1. JOGO ANADIÔMENO E A INSTAURAÇÃO DA VISUALIDADE

Interessa-nos nesse momento esmiuçar os procedimentos a ponto de entender como as questões em Polaroids fundamentam-se poeticamente na linguagem criando suas bases no campo visual. Para pensar o processo criativo de Frank, retomamos Andrea (figura 20, p.61), já discutida anteriormente como repetição com singularidade e diferença. Nesta imagem um movimento se constrói a partir do ritmo dos elementos que estão colocados no trabalho; as palavras, imagens, cores, espaços vazios e também sua forma, sugerem uma modelagem incompleta em espera de desfecho. O que o encontro destes procedimentos sobre a mesma superfície aponta é uma operação como um processo de montagem de onde emerge a dinâmica das relações. Aqui o jogo em questão é o da alteração, ou seja, um movimento de linguagem que instaura a imagem de um novo, transfigurado desde seu caráter de coisa.
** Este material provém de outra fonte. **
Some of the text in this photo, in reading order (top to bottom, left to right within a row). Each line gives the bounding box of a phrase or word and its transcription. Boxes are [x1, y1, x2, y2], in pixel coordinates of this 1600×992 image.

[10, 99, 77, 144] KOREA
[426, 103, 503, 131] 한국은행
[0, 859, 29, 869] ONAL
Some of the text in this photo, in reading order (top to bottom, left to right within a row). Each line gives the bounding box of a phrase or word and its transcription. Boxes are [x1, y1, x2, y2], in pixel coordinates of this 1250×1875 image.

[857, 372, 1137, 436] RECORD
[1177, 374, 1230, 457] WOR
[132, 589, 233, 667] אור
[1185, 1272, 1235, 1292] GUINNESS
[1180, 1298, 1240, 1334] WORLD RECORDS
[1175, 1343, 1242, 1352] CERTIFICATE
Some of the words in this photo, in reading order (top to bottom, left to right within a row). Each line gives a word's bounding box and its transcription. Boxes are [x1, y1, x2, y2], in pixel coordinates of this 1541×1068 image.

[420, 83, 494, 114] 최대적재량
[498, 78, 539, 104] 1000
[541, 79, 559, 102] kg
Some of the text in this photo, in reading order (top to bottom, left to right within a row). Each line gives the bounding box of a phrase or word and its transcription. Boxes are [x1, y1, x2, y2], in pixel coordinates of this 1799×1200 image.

Para minha filha Andrea que morreu num acidente de avião em Tical, na Guatemala, em 23 de dezembro, ano passado. Ela tinha 21 anos de idade e viveu nessa casa e eu penso nela todo dia103; em Andrea (figura 20, p.61) essas são as frases que se encontram manualmente escritas sobre a superfície. Um pouco mais abaixo é possível ainda ler os trechos: dentro de velhos apetrechos... não manter...diário...agora as coisas estão melhores104, além da assinatura: 1975, Robert Frank, em Mabou, Nova Scotia, Canada. Ao contrário de muitos de seus trabalhos, onde a palavra existe como significante numa perspectiva anônima e obscura, aqui as palavras comunicam um relato que narra um fato passado e seu contexto (que a filha tenha morrido, onde e quando) em conjunção com seu presente (que agora as coisas estão melhores a partir de Mabou). Encontro de tempos onde o passado é tornado presente numa proximidade que desdobra o distante em agora e as noções temporais, tanto do pretérito imperfeito (died, was, lived, last year) quanto do presente (think, every day, now), passam a coexistir em gerúndio, como ação que está acontecendo. Também na disposição entre a fotografia e o vácuo de imagem há uma operação que varia entre esses dois extremos quando jogam em alternâncias, ora pulsando preenchidos ora esvaziados. Se deste modo temos dois momentos que se diferenciam, o que gera um movimento rítmico, tanto a foto quanto o vácuo de imagem se apresentam como significantes. Aqui não se trata de um tudo ou um nada. A sutileza está em que o nada é

103 For my daughter Andrea who died in an airplane crash in Tical in Guatemala on Dec 23, last

year. She was 21 years old and she lived in this house and I think of Andrea every day. (Tradução

nossa).

também preenchimento. O movimento de oposições de mesmo modo também acontece entre o colorido de azul-céu e as pinceladas amarelo-sol quando concorrem suas cores suaves com os pedaços agudos de negro que grudam na parte inferior da obra como coágulos de sangue que não se dissolvem. Vazios, cores suaves, gama tonal de cinzas em fotografias em preto e branco, palavras e tempo, camadas que vão surgindo de uma base de papel de fibra organicamente imperfeito.

Aos pólos de um duelo onde os elementos jogam para expressar-se no campo da linguagem, Freud os nomeia Fort-Da. A noção desta expressão (traduzida do alemão em aqui-lá) vem da observação da brincadeira de seu neto de um ano e meio de idade durante suas investigações sobre a relação entre prazer, repetição e pulsão de morte. Instigado pela repetição das mesmas palavras e dos mesmos procedimentos no menino, ele compreende que é o jogo infantil o campo, e nesse sentido inclui um método, para a elaboração do sujeito na linguagem. Fort-da é o que articulava a criança diante do fio esticado e recolhido durante o aparecimento e desaparecimento de seu carretel. Na ausência da mãe, a criança repetia inúmeras vezes esse jogo realizando o que Freud chamaria de renúncia instintual, sendo esta a troca de uma satisfação (no caso a presença da mãe) por uma nova satisfação (a volta do carretel como alusão ao alívio da volta da mãe a casa). Através da introdução de uma falta (no caso a ausência da mãe), e somente a partir desse lugar instituído é que se tornará possível que a criança se lance no processo de simbolização do objeto, ocorrendo, por consequência, o assassinato da coisa: o carretel deixado no canto como um resto qualquer depois de implicado na exigência de um desejo. Segundo Georges Didi-Huberman, esses jogos de ocultamento que Freud, numa intuição genial, produziu, a nosso ver, para que neles reconhecêssemos que o momento no qual o desejo se humaniza é também aquele no qual a criança nasce para a linguagem105.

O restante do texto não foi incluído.